Results: Most 20 (35.1%) were aged 45-54 years, with a mean age of 46.9 ± 11.3 years. Majority 37 (64.9%) were married and 31 (54.4%) had tertiary education. The most common histological type was serous 36 (52.6%) followed by mucinous 9 (15.8%). Almost all 55 (96.5%) the women had ascites on presentation, all the women were referred to the study centre, with many 33 (57.9%) of the referrals from private clinics. Many of these patients 46 (84%) had their adjuvant chemotherapy delayed, with 39 (69%) presenting with stage III disease. Financial constraint 35 (51.5%) was the main reason for delayed chemotherapy. Menopause was significantly associated with the delay in adjuvant chemotherapy (chi-square = 7.14, p = 0.01). However, multivariable logistic regression analysis did not identify any potential predictors as a factor for delay in commencing adjuvant chemotherapy. For every unit increase in age of these women, there was an insignificant 12% reduced odds of having delayed adjuvant chemotherapy.
Conclusion: Delay in starting adjuvant chemotherapy is known to be a risk factor for overall survival. Being able to identify the causes of these delays will assist healthcare professionals in understanding and mitigating the risk.

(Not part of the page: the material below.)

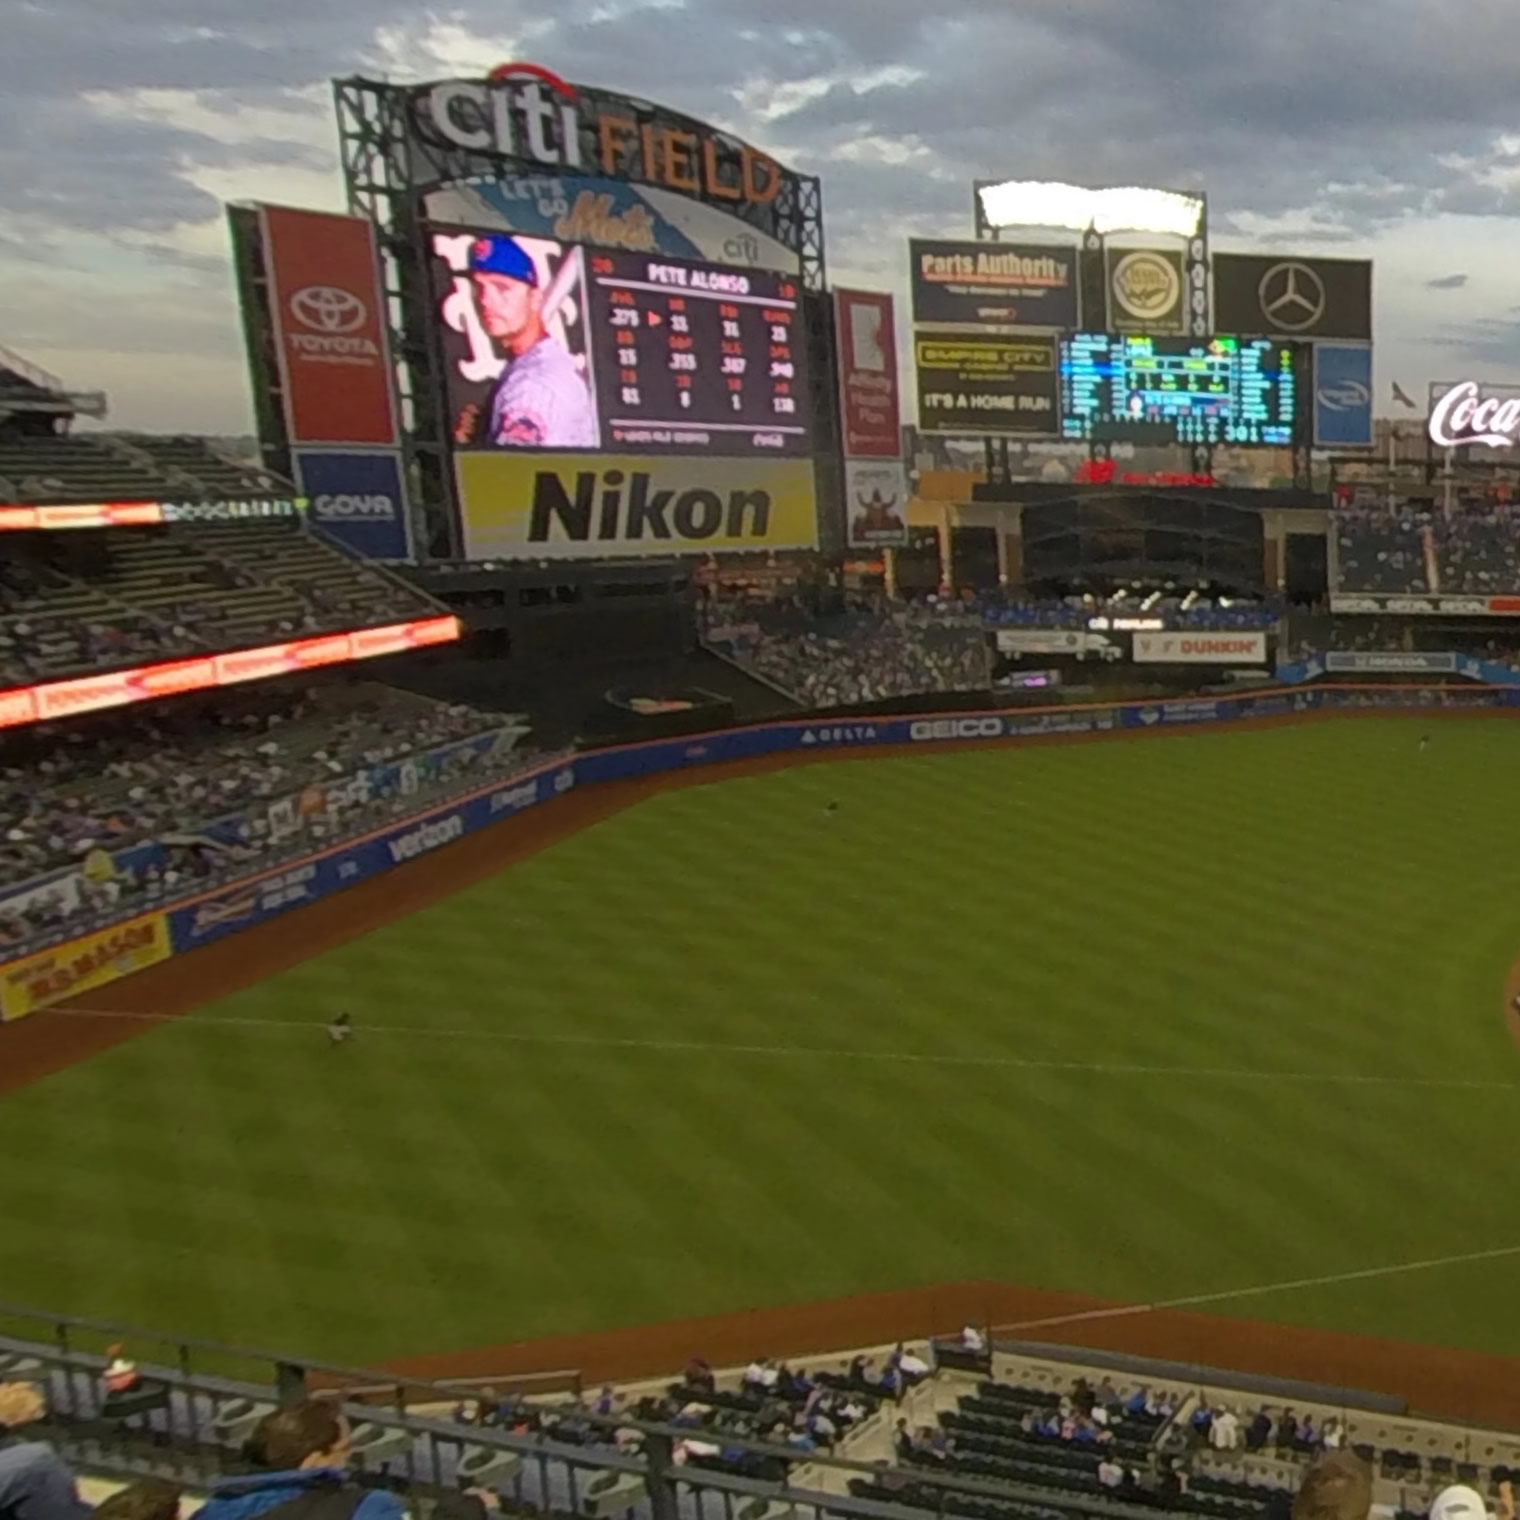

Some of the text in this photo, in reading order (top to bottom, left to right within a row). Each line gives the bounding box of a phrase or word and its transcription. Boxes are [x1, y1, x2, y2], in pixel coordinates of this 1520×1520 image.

Keywords: Ovarian cancer; Adjuvant chemotherapy; Predictors of delay; Surgery; Nigeria
Introduction
Ovarian cancer is the third most common gynaecological cancer and has the worst prognosis. In 2020, about 313,959 new cases and 207,252 deaths were reported globally, with an age-standardized incidence rate of 6.6 per 100,000 person-years [1]. According to research conducted in Nigeria and Africa, ovarian cancer ranks as the second most common gynaecological cancer, comprising approximately 7 to 8.2% of all gynecological malignancies [2]. Unfortunately, around 75% of cases are diagnosed at advanced stages, which can be attributed to the absence of specific clinical manifestations and effective screening methods [3,4]. The survival rate of patients with ovarian cancer is highly dependent on the stage at diagnosis. For stages I and II, relative survival at five years was 89% and 70%, respectively [5,6]. In contrast, for stages III and IV, relative survival at five years was much lower at 36% and 17%, respectively. At ten years, the survival rates were 84%, 59%, 23%, and 8% for stages I, II, III, and IV, respectively [7-9].

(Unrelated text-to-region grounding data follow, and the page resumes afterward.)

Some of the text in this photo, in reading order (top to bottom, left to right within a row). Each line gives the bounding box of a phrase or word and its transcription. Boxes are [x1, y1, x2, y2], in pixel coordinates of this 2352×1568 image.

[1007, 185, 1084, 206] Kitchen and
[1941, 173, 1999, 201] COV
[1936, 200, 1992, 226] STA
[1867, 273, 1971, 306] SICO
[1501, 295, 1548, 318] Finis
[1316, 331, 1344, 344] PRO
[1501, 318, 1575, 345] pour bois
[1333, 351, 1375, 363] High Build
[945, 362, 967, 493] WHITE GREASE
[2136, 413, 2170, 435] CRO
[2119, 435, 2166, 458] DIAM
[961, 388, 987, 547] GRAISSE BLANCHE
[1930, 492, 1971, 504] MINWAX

Primary debulking surgery (PDS) followed by adjuvant chemotherapy is the standard of care for advanced ovarian cancer. Adjuvant chemotherapy after PDS aims to eliminate residual cancer cells and reduce the risk of disease recurrence [10,11]. However, there is ongoing debate regarding the optimal timing of adjuvant chemotherapy after PDS. Some studies have suggested that delaying adjuvant chemotherapy after PDS may have a negative impact on patient outcomes [12,13]. The rationale behind this is that delaying chemotherapy may allow residual cancer cells to continue growing and potentially lead to disease progression [6,14]. On the other hand, there is also concern that starting chemotherapy too soon after surgery may delay wound healing and increase the risk of postoperative complications. Although many studies have been conducted, no consensus has been reached on the optimal timing for adjuvant chemotherapy after PDS for advanced ovarian cancer.
While the optimal timing of chemotherapy in ovarian cancer is unknown, it has been suggested that delaying chemotherapy beyond 4 weeks may have a negative prognostic impact [15]. However, most large studies have recommended adjuvant chemotherapy only after complete recovery from surgery, which takes an average of 42 days (6 weeks) after curative resection of ovarian cancer [16,17]. Feng et al. [18] concluded that a 6-week interval between surgery and chemotherapy had no effect on prognosis. A longer interval between surgery and the start of adjuvant chemotherapy resulted in a 22% decline in overall survival (OS) of ovarian cancer, with a 4% decrease in relative OS for each week of delay in starting adjuvant chemotherapy [19].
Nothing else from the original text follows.